### What the task requires
From the first line to the last, transcribe the material exactly.

### Task material
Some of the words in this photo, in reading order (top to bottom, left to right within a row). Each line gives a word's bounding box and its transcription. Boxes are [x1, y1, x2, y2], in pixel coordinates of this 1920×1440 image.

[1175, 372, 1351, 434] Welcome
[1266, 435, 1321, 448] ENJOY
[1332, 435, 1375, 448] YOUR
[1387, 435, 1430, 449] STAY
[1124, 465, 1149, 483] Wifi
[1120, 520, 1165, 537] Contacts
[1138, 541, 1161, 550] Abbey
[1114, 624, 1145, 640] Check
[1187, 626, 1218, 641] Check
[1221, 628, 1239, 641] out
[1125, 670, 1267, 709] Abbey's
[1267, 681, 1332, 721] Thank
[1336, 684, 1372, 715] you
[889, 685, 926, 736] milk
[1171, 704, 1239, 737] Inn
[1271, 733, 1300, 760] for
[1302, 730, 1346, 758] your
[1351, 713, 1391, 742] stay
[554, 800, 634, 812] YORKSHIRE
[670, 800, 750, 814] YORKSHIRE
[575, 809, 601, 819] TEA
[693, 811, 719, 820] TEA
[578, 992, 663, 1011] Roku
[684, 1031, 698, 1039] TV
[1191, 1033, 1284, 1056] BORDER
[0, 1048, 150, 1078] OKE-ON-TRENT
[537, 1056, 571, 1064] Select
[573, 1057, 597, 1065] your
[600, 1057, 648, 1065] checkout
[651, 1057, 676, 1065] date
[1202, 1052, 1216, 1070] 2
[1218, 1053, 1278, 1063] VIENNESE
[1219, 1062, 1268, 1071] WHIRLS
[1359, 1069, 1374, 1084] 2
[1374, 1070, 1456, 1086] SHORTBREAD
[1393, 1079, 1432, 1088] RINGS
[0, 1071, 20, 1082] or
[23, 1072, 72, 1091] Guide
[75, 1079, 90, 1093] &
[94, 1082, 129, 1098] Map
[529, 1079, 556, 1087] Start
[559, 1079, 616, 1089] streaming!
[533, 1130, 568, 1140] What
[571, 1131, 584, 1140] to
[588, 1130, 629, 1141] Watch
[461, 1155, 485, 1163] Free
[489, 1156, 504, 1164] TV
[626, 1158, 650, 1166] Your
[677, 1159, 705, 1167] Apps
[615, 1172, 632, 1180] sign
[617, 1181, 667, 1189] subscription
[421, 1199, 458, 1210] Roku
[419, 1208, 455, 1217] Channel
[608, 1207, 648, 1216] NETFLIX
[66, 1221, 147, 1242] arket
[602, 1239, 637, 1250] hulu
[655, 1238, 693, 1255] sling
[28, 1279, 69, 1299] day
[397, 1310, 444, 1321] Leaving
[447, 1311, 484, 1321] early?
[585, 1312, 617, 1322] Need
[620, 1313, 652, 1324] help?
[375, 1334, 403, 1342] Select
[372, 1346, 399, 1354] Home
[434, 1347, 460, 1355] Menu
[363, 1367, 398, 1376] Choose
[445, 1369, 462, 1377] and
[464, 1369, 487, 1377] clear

### Written solution
Some of the words in this photo, in reading order (top to bottom, left to right within a row). Each line gives a word's bounding box and its transcription. Boxes are [x1, y1, x2, y2], in pixel coordinates of this 1920×1440 image.

[1175, 372, 1351, 434] Welcome
[1266, 435, 1321, 448] ENJOY
[1332, 435, 1375, 448] YOUR
[1387, 435, 1430, 449] STAY
[1124, 465, 1149, 483] Wifi
[1120, 520, 1165, 537] Contacts
[1138, 541, 1161, 550] Abbey
[1114, 624, 1145, 640] Check
[1187, 626, 1218, 641] Check
[1221, 628, 1239, 641] out
[1125, 670, 1267, 709] Abbey's
[1267, 681, 1332, 721] Thank
[1336, 684, 1372, 715] you
[889, 685, 926, 736] milk
[1171, 704, 1239, 737] Inn
[1271, 733, 1300, 760] for
[1302, 730, 1346, 758] your
[1351, 713, 1391, 742] stay
[554, 800, 634, 812] YORKSHIRE
[670, 800, 750, 814] YORKSHIRE
[575, 809, 601, 819] TEA
[693, 811, 719, 820] TEA
[578, 992, 663, 1011] Roku
[684, 1031, 698, 1039] TV
[1191, 1033, 1284, 1056] BORDER
[0, 1048, 150, 1078] OKE-ON-TRENT
[537, 1056, 571, 1064] Select
[573, 1057, 597, 1065] your
[600, 1057, 648, 1065] checkout
[651, 1057, 676, 1065] date
[1202, 1052, 1216, 1070] 2
[1218, 1053, 1278, 1063] VIENNESE
[1219, 1062, 1268, 1071] WHIRLS
[1359, 1069, 1374, 1084] 2
[1374, 1070, 1456, 1086] SHORTBREAD
[1393, 1079, 1432, 1088] RINGS
[0, 1071, 20, 1082] or
[23, 1072, 72, 1091] Guide
[75, 1079, 90, 1093] &
[94, 1082, 129, 1098] Map
[529, 1079, 556, 1087] Start
[559, 1079, 616, 1089] streaming!
[533, 1130, 568, 1140] What
[571, 1131, 584, 1140] to
[588, 1130, 629, 1141] Watch
[461, 1155, 485, 1163] Free
[489, 1156, 504, 1164] TV
[626, 1158, 650, 1166] Your
[677, 1159, 705, 1167] Apps
[615, 1172, 632, 1180] sign
[617, 1181, 667, 1189] subscription
[421, 1199, 458, 1210] Roku
[419, 1208, 455, 1217] Channel
[608, 1207, 648, 1216] NETFLIX
[66, 1221, 147, 1242] arket
[602, 1239, 637, 1250] hulu
[655, 1238, 693, 1255] sling
[28, 1279, 69, 1299] day
[397, 1310, 444, 1321] Leaving
[447, 1311, 484, 1321] early?
[585, 1312, 617, 1322] Need
[620, 1313, 652, 1324] help?
[375, 1334, 403, 1342] Select
[372, 1346, 399, 1354] Home
[434, 1347, 460, 1355] Menu
[363, 1367, 398, 1376] Choose
[445, 1369, 462, 1377] and
[464, 1369, 487, 1377] clear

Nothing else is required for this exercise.